Re: Zuletzt gesehener Film

4216
vodkamartini hat geschrieben:...und sich lediglich an der handwerklichen Brillanz zu ergötzen.
...die der Film eh nur in den ersten 15 Minuten zu bieten hat.
vodkamartini hat geschrieben:Hier geht es nicht einfach um "normale" inhaltliche Schwächen wie z.B. eine zu konstruierte Handlung, zu wenig Spannung, Logiklöcher
...davon hat der Film dafür jede Menge im Angebot.

Ansonsten stimme ich deinen Ausführungen vorbehaltlos zu.

@Maibaum: Die Darstellung von Pro- & Antagonist ist für mich in einem Film aber nun mal kein unwichtiger Kleinkram, schon gar nicht in einer selbst propagierten historischen Aufarbeitung. Selbst der von dir so verachtete Where Eagles dare hat ja eine genauere und differenziertere Zeichnung der Gegenseite - und der legt nun wirklich keinen gesteigerten Wert darauf sondern hat seine Schwerpunkte auf ganz anderen Gebieten. Darüberhinaus würde mich diese unangenehme Verzerrung aber noch nicht einmal so sehr stören, wenn die in der 2. zitierten Vodka-Passage aufgezählten Mängel in meinen Augen nicht so eklatant wären.
"Ihr bescheisst ja!?" - "Wir? Äh-Äh!" - "Na Na!"

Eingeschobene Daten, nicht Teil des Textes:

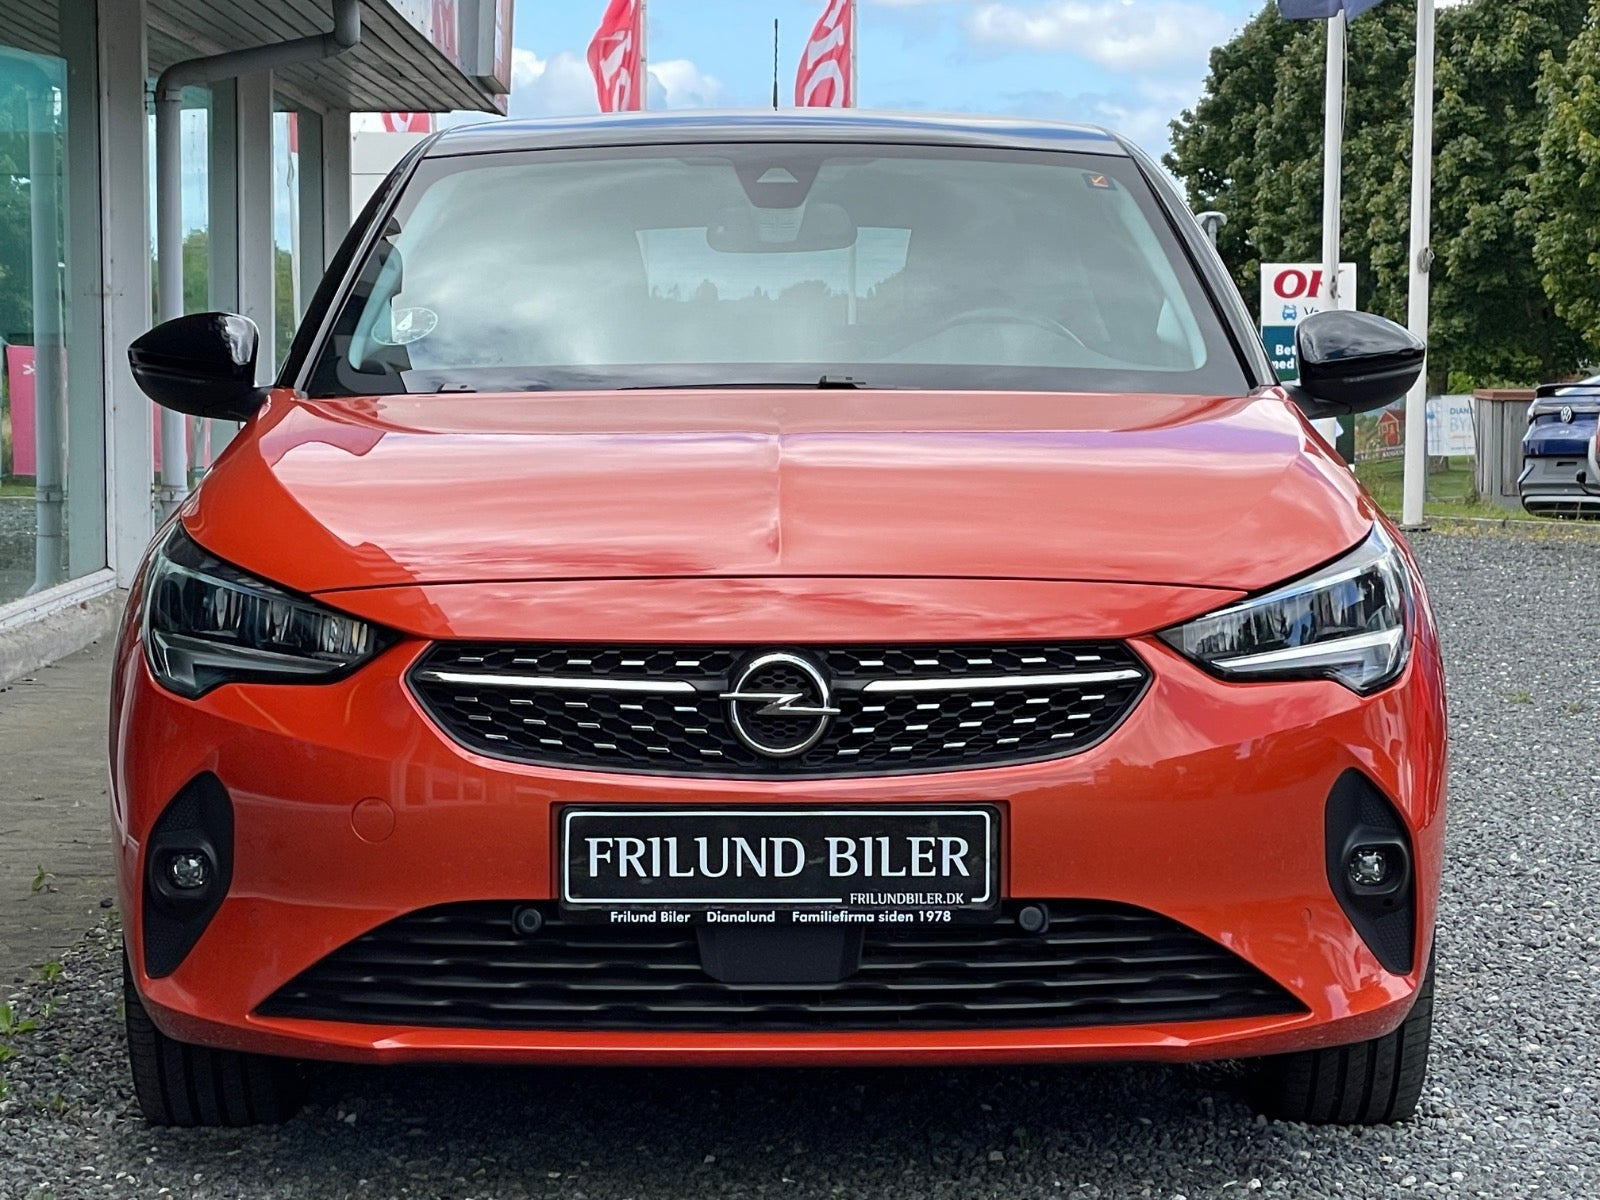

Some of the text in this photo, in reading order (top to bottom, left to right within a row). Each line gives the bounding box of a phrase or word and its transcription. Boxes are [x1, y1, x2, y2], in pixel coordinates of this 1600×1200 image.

[584, 836, 970, 878] FRILUND BILER
[850, 892, 965, 905] FRILUNDBILER.DK
[610, 910, 952, 923] Frilund Biler Dianalund Familiefirma siden 1978
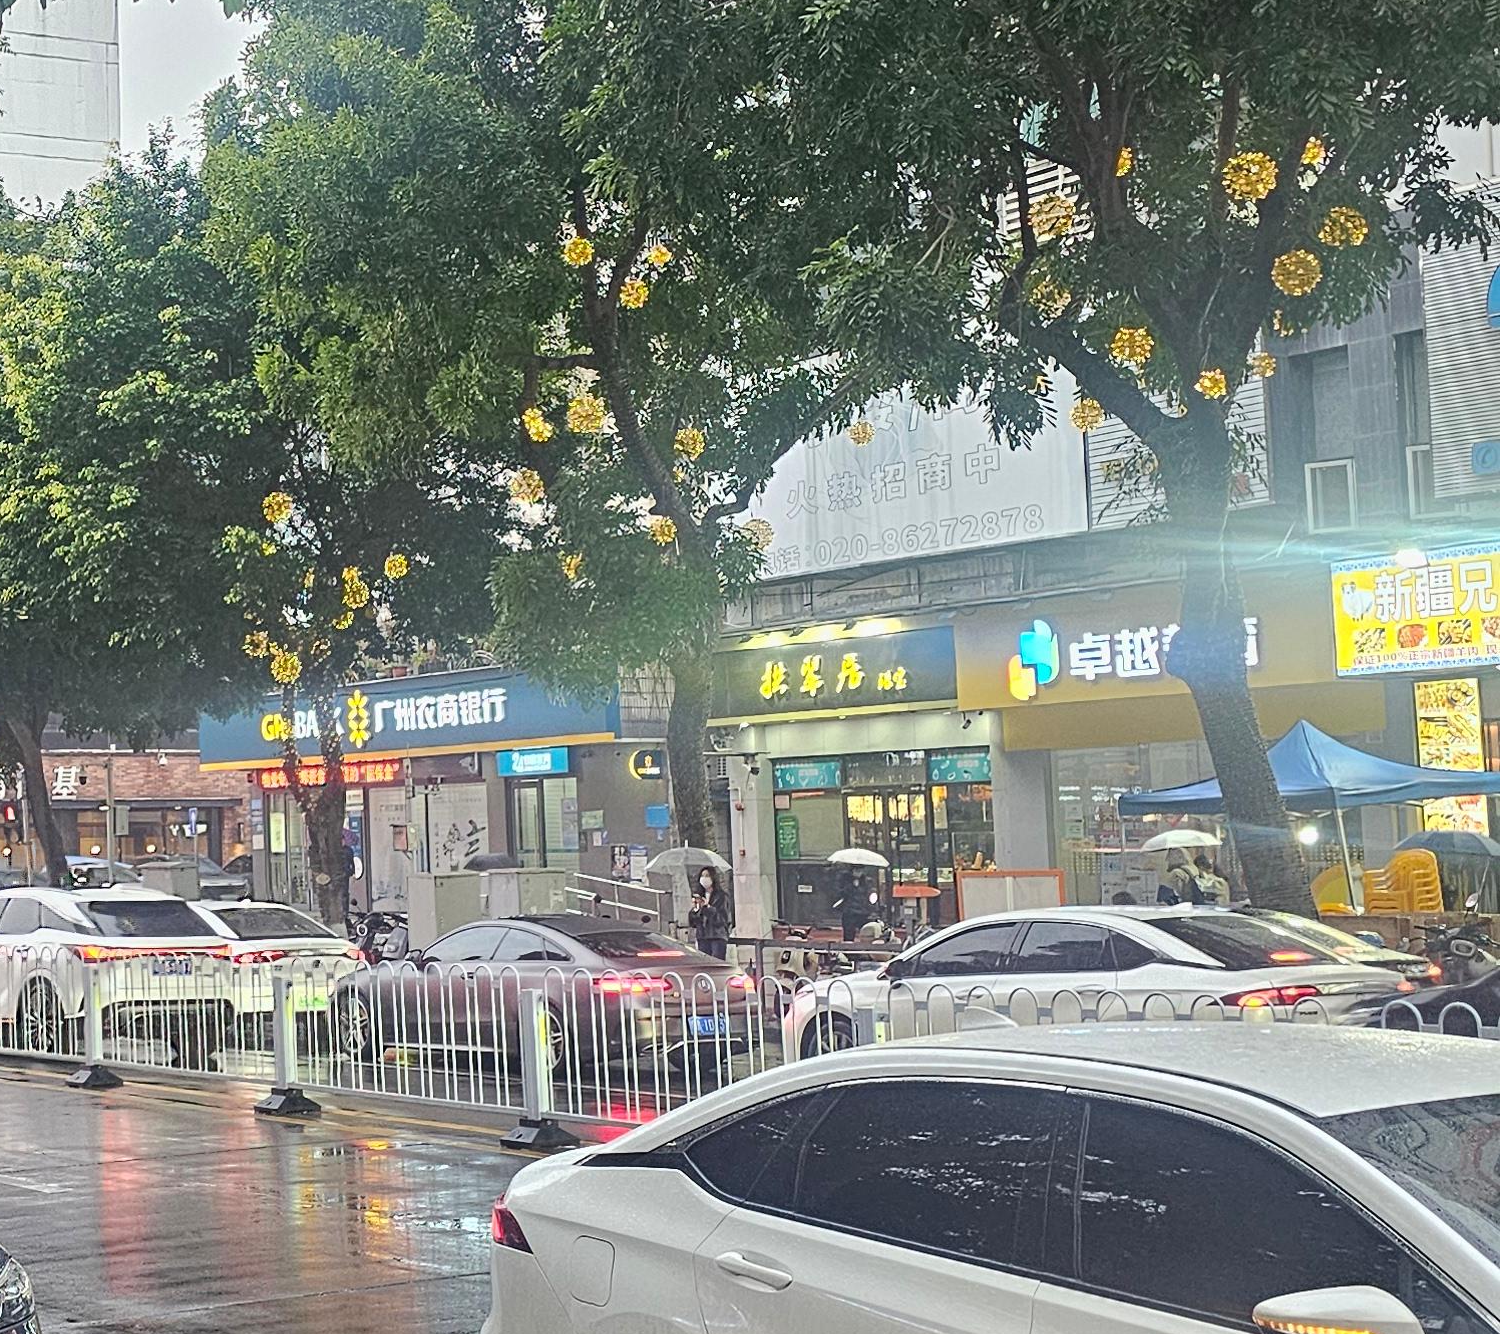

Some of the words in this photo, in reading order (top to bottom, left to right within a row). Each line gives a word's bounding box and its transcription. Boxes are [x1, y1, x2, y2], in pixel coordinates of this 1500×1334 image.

[786, 444, 1001, 519] 火热招商中
[1374, 560, 1498, 624] 新疆兄
[374, 687, 508, 733] 广州农商银行
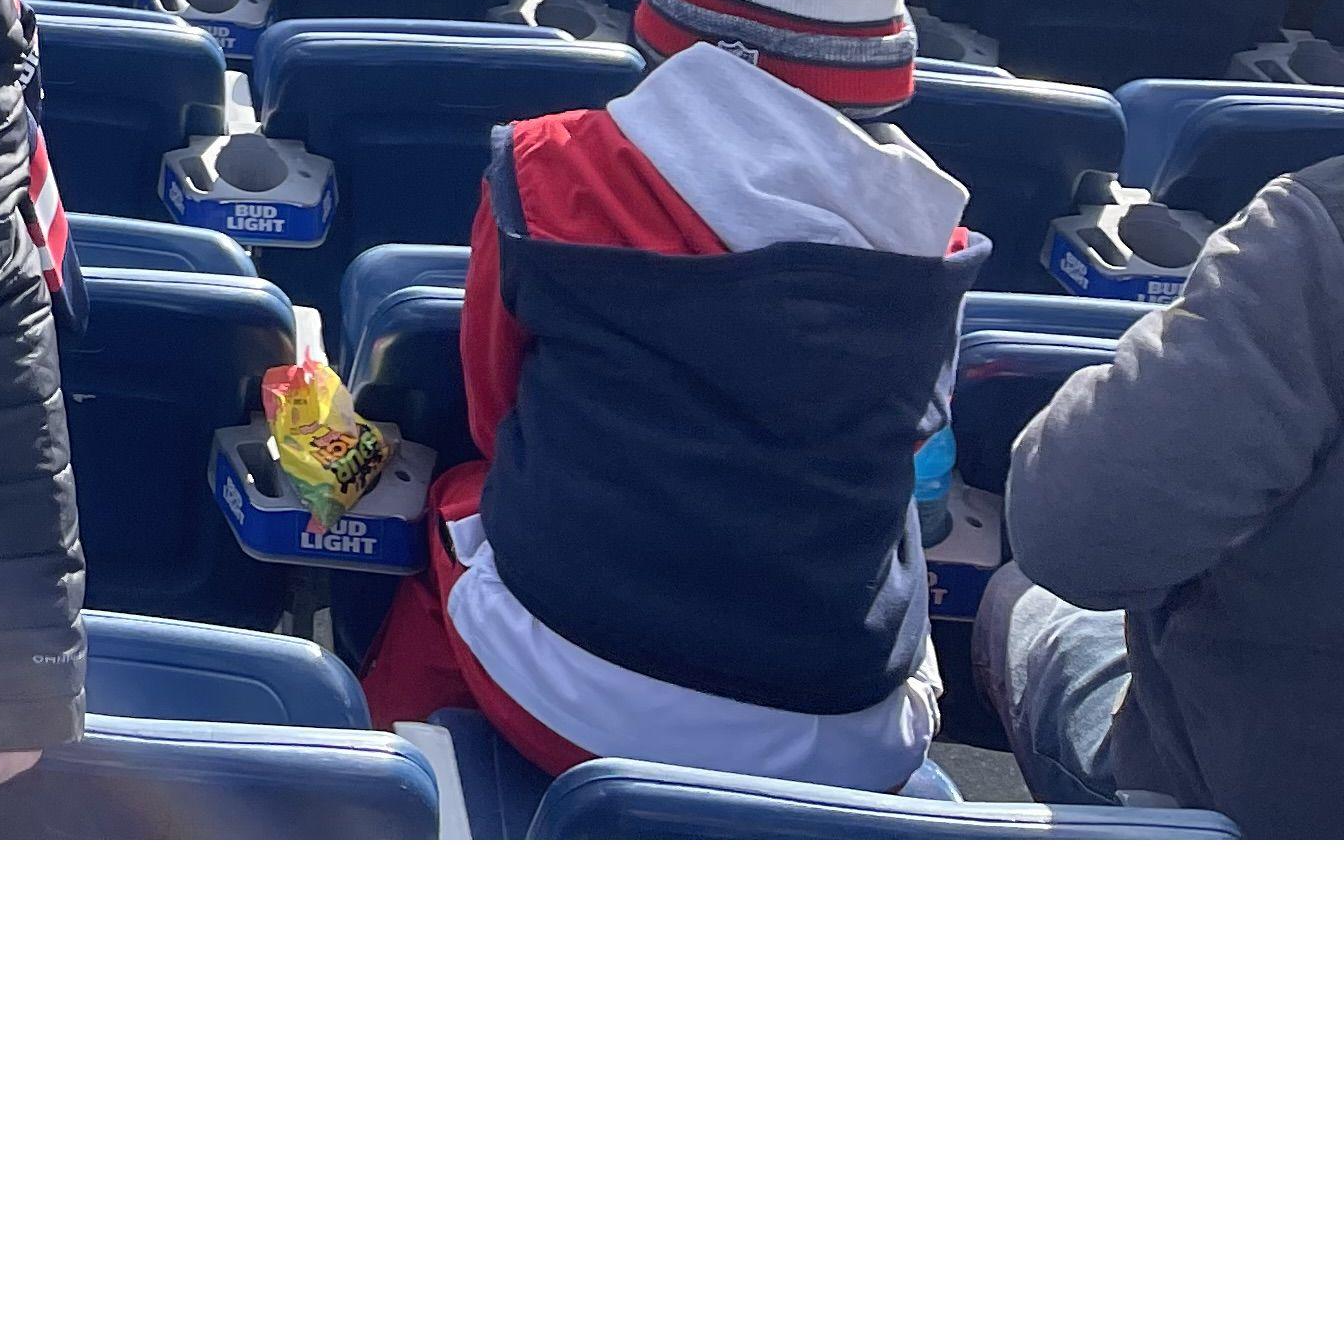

Re: Zuletzt gesehener Film

4219
vodkamartini hat geschrieben:Tja, aus Sicht des Historikers kann ich da nur vehement widersprechen. Da machst du es dir imo entschieden zu einfach. So einfach "Gut" gegen "Böse" ist es vielleicht auf seiten der Führung, aber ganz bestimmt nicht auf der Ebene des kleinen Mannes/Soldaten. Das was der Film hier transportiert hat Comic-Niveau und ist unsachlich bis zum Abwinken. Gerade im Hinblick auf Medienerziehung ist das ein hochinteressanter Film, denn nirgends sieht man schöner, wei manipulativ, tendenziös und "behauptend" das Medium sein kann.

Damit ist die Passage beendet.